Two hours before the concert began, they begin soundchecking. It was a thrill to hear them rehearsing, but everything was calm – until they started rehearsing Ghost Town! I was so out of my mind, I could barely breath. I started screaming ‘THEY ARE REHEARSING GHOST TOWN!” Some fans joined me and we just stood there, mesmerized. Adam was wailing! Brian was playing the whistling part in his guitar! And then it hit me: “OMG I have to tell everyone!” So I started tweeting like crazy (as you know). I was so happy at that moment, I thought nothing could ever bring me down. As it would turn out, I was wrong.
A few minutes after they stopped playing, I got a text from the record company. “Sorry, Marisa, the interview was canceled.” I couldn’t believe it. It was too much. How much of a roller coaster can you take? I felt…empty. After a while, I asked my friend Boicantspell to leave the line with me and go to some place quiet. When we were away from the crowd, I started crying. She cried too. We hugged. I felt so devastated about the whole thing.
It took me a while to recover. But then I started thinking: “OK, you’re going to watch him on that stage, you’re gonna be in the front row, it’s gonna be amazing. Can’t you just be happy about that?” Yes, my mind answered. Yes, I could. I told my friends that I was OK and got into the line again. The concert, of course, was out of this world – but I’ll tell you all about it on another recap.
Next day was Thursday, the day of our trip to Rio.
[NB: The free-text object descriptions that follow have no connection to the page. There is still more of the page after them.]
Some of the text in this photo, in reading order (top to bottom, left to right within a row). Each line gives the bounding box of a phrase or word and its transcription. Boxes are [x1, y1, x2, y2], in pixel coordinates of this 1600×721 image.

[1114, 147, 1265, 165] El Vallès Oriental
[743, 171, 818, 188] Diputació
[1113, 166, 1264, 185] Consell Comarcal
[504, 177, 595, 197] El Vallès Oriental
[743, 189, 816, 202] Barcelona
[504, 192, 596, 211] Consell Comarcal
We were supposed to leave my house and go to the airport at 11:30 am. At 11 am, the phone rang. It was the record company. “Marisa, we have an opening. Can you be at the Copacabana Palace at 16:30 pm?” When I put down the phone, I started jumping up and down. Yes!!! I was going to do it!! And then I just got into maximum speed! We were running late, and I still had to change my clothes (no way I was going to interview him in shorts and a t-shirt!), call the magazine, call the cab, go to the airport, think about the questions… But none of this mattered, because I WAS GOING TO INTERVIEW ADAM!!! Life doesn’t get any better than that.
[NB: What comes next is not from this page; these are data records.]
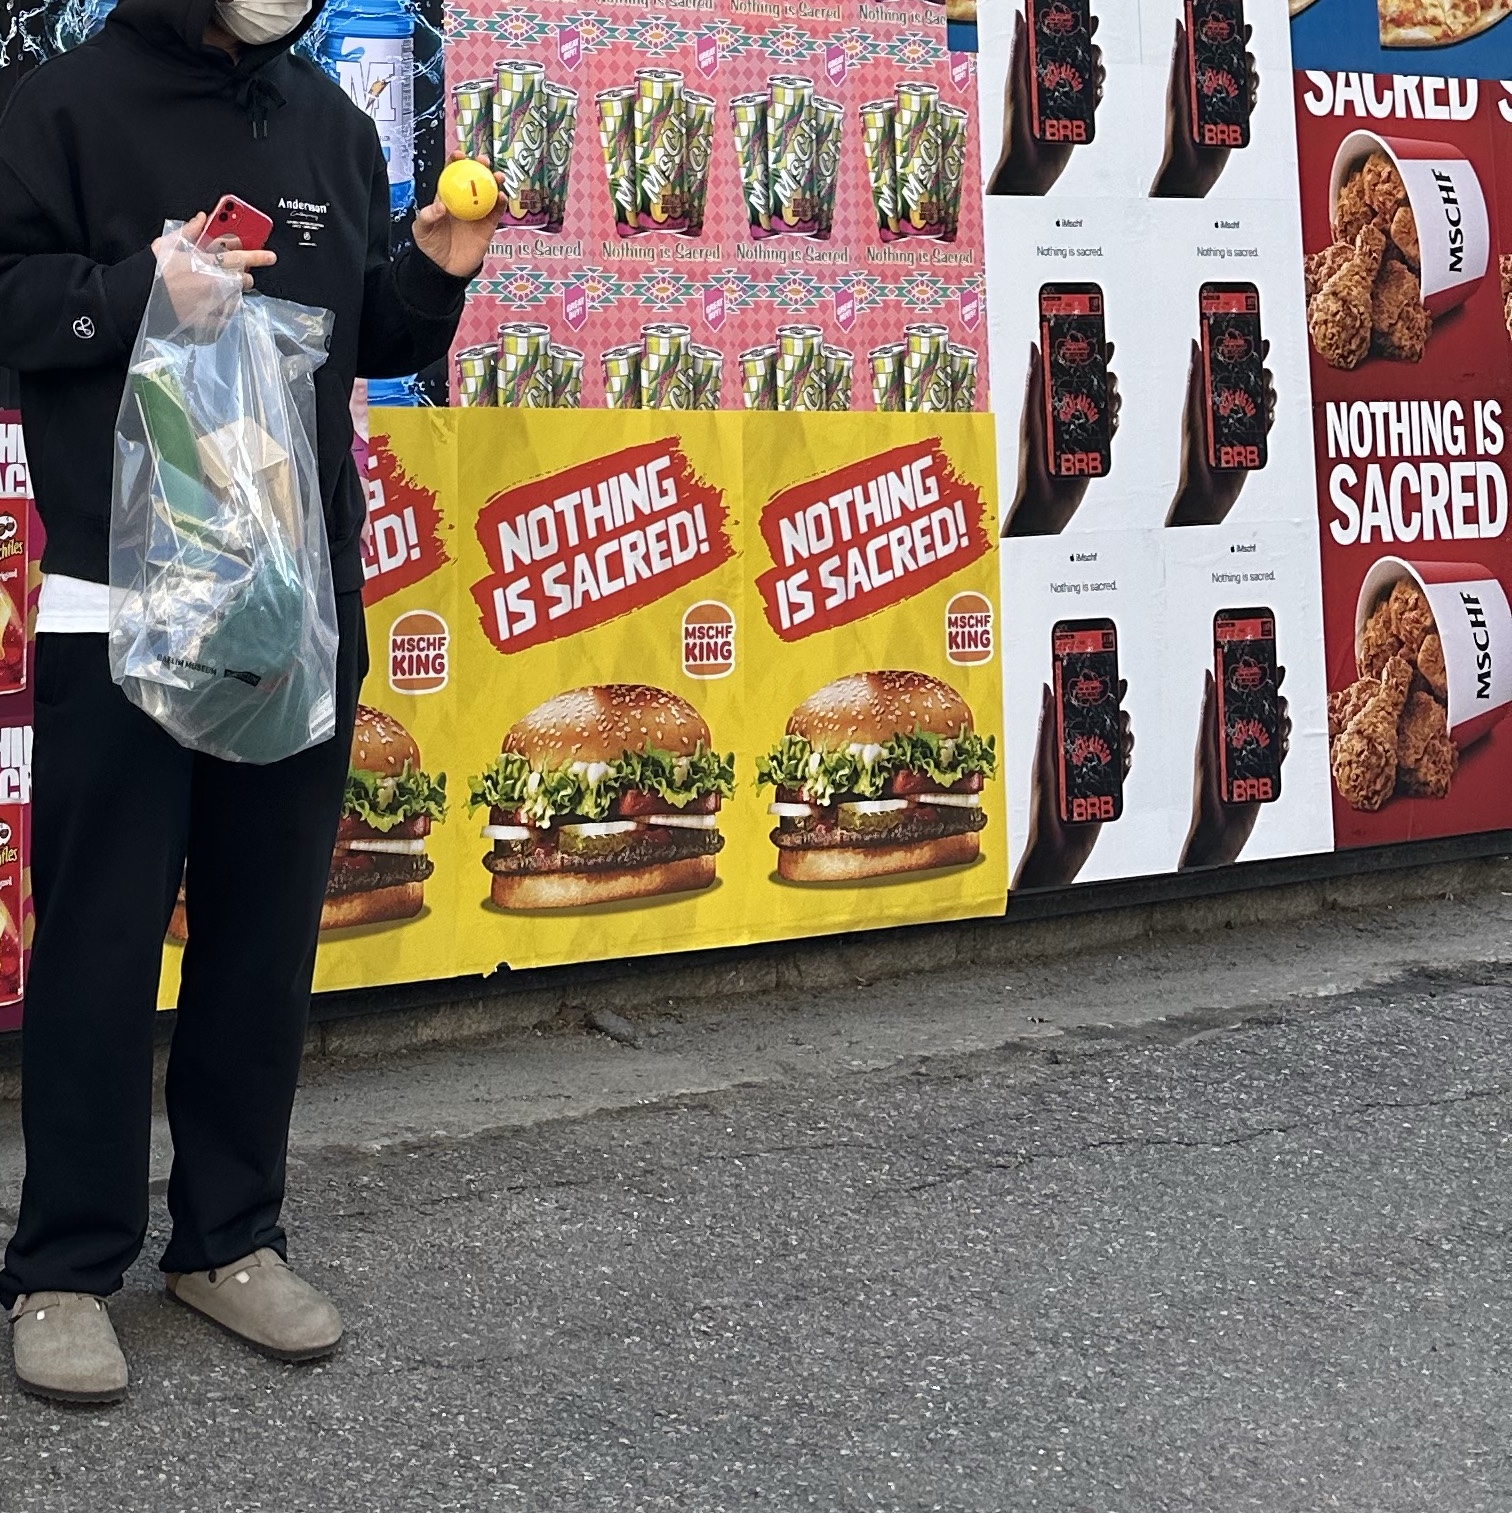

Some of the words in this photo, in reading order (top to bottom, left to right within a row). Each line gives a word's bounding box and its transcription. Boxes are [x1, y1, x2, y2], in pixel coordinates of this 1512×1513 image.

[784, 0, 796, 18] is
[796, 1, 842, 22] Sacred
[1304, 70, 1479, 121] SACRED
[1045, 119, 1086, 142] BRB
[1430, 168, 1465, 274] MSCHF
[603, 241, 658, 263] Nothing
[659, 244, 671, 262] is
[671, 242, 721, 263] Sacred
[1036, 245, 1067, 259] Nothing
[1068, 247, 1075, 256] is
[1326, 400, 1466, 458] NOTHING
[1474, 399, 1504, 455] IS
[779, 455, 940, 567] NOTHING
[1329, 461, 1509, 545] SACRED
[497, 456, 676, 574] NOTHING
[492, 578, 539, 641] IS
[547, 509, 710, 620] SACRED!
[775, 576, 816, 630] IS
[821, 500, 969, 610] SACRED!
[1211, 571, 1242, 585] Nothing
[1242, 573, 1249, 583] is
[684, 625, 735, 642] MSCHF
[947, 613, 990, 631] MSCHF
[392, 636, 447, 654] MSCHF
[947, 629, 990, 650] KING
[1459, 589, 1491, 700] MSCHF
[684, 641, 733, 664] KING
[392, 653, 446, 677] KING
While we were on the plane, I wrote down my questions. I always have a thousand things I want to ask him, so that was not a problem. The problem was: I only had 15 minutes, so I had to be strategic. I needed to talk to him about Rock in Rio, but I wanted to include some solo career stuff as well. In the end, I divided the questions in three parts: Rock in Rio, Queen, solo career. I wrote 5 questions for each part, knowing I would not be able to ask all of them. But now I had a map. I had a plan. Everything was right with the world.
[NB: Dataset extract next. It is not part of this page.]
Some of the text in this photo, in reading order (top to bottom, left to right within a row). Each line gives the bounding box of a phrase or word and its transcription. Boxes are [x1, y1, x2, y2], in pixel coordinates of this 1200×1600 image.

As the girls took their cab to the hotel, I took another one, to Copacabana Palace. Everything felt unreal. What was my life? When I arrived there, there were so many fans in the front! I just went straight to the entrance and asked for my contact. They took me to a hall where other journalists were already waiting. I just had to wait for my turn. Of course 4:30 pm turned into 5:50 pm, and of course it didn’t matter. I would wait my whole life if I had to. The problem was, waiting was making me incredibly nervous.
It was not the first time I interviewed someone I admired, so I used a technique I had learned before. “Take long breaths! Concentrate on the work and forget about anything else. You did hundreds of interviews before. You know how to do this. Just focus on that.” “But it’s Adam!”, my brain screamed. “So, yeah, it’s Adam. Take it all in, so you can flail about it later. But right now, be a professional. You can do it.”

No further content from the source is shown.